Tea industry beats clock picking and transporting in daylight

Tea fields

By George Munene

For an industry that seemed to be working nearly 24 hours a day, especially during the rainy season, the tea industry in Tharaka Nithi county is bearing the toll of the Covid-19 p[revention measures surprisingly well.

For while others involved in agriculture, such as fishermen and food transporters, have been granted exemptions to operate outside curfew hours, the tea sector is having to operate within strict 5am to 7pm timeframes. This has required a complete overhaul of the usual operating patterns by everyone in the value chain.

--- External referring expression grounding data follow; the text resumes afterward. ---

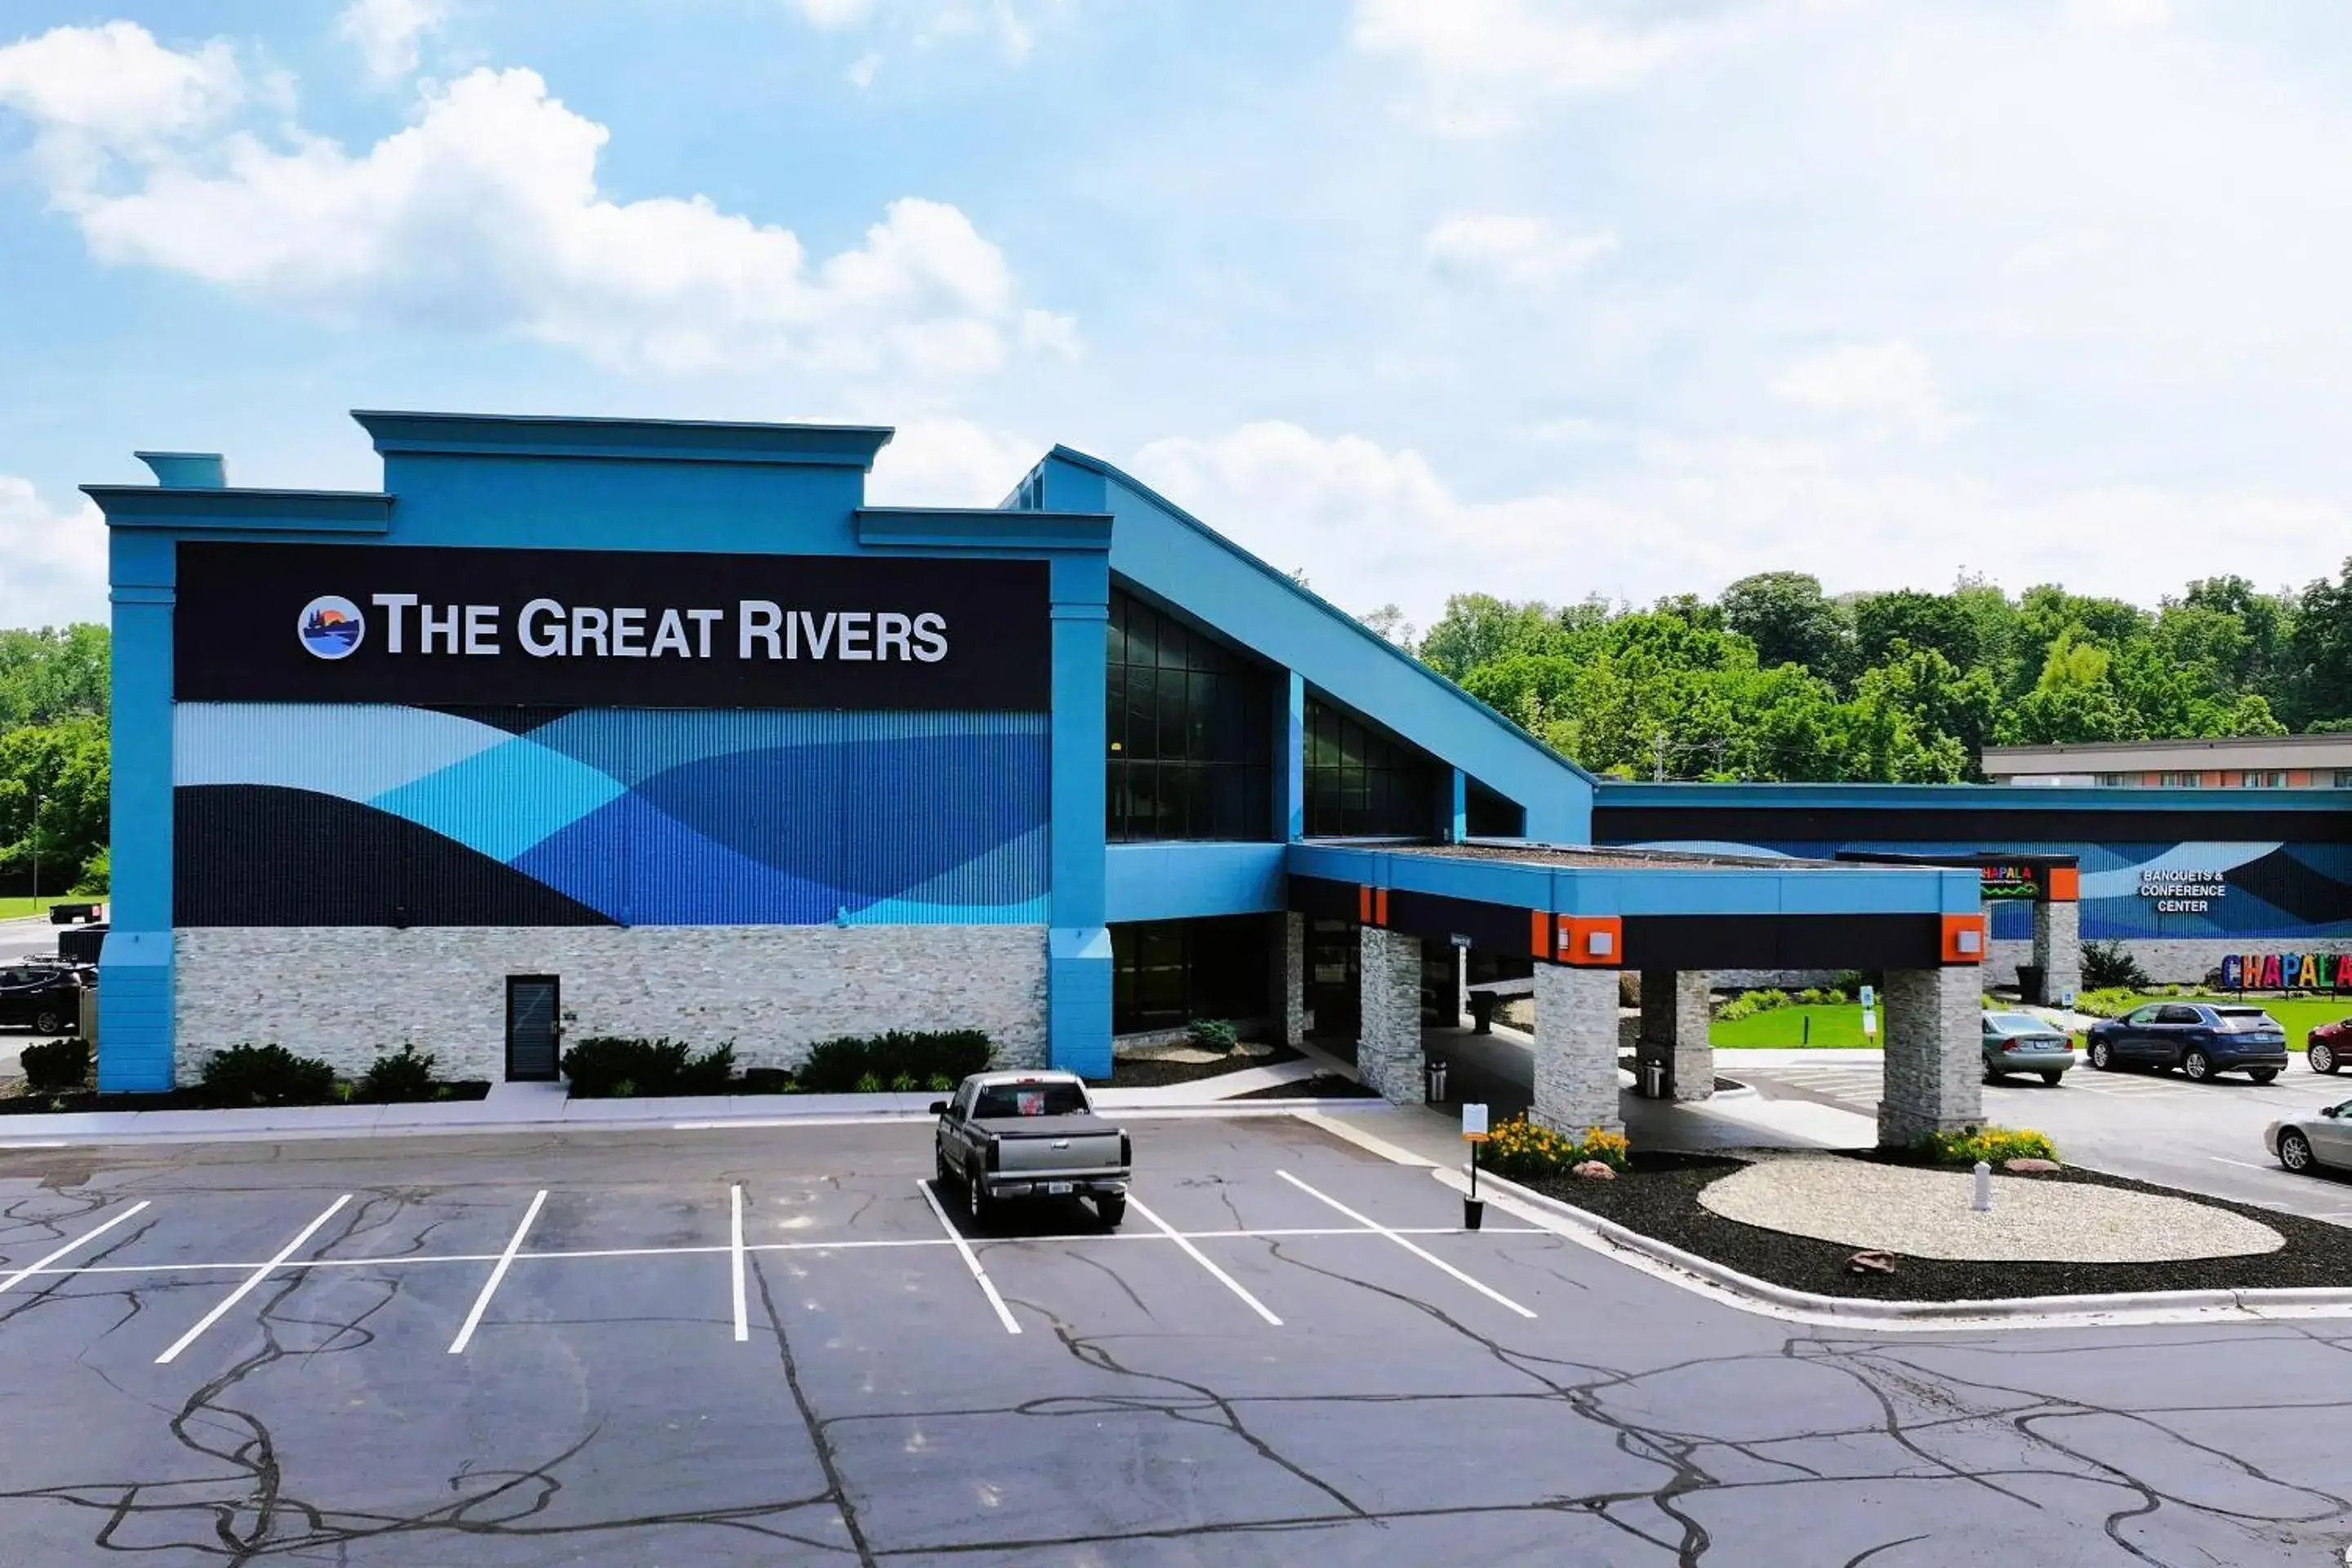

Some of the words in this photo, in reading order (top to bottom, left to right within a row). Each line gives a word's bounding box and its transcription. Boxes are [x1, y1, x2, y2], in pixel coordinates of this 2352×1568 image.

[372, 593, 500, 655] THE
[517, 598, 724, 659] GREAT
[739, 599, 948, 662] RIVERS
[1980, 866, 2032, 879] HAPALA
[2143, 870, 2212, 881] BANQUETS
[2215, 871, 2223, 881] &
[2140, 885, 2225, 897] CONFERENCE
[2157, 901, 2208, 912] CENTER
[2222, 954, 2352, 987] CHAPALA

Pre-Covid, tea farmers would take their day’s delivery to collection points at any time of the day, with the blaring horn of factory lorries marking deliveries that arrived even in the dead of the night.

For farmers who missed out on having their tea weighed and loaded, all they could do is wait in the hope that by the next round of pick-ups, particularly during the peak harvest – their buds had not rotted.

Now, however, pickers get less time working on the bushes, as they have to be done by around 4pm to 5 pm. This gives farm owners time to weigh their day’s pickings and pay them pickers  – as the mode of payment that’s preferred by both tea farmers and pickers, versus older methods that paid by the size of area picked, time spent, or as a fixed day’s wage.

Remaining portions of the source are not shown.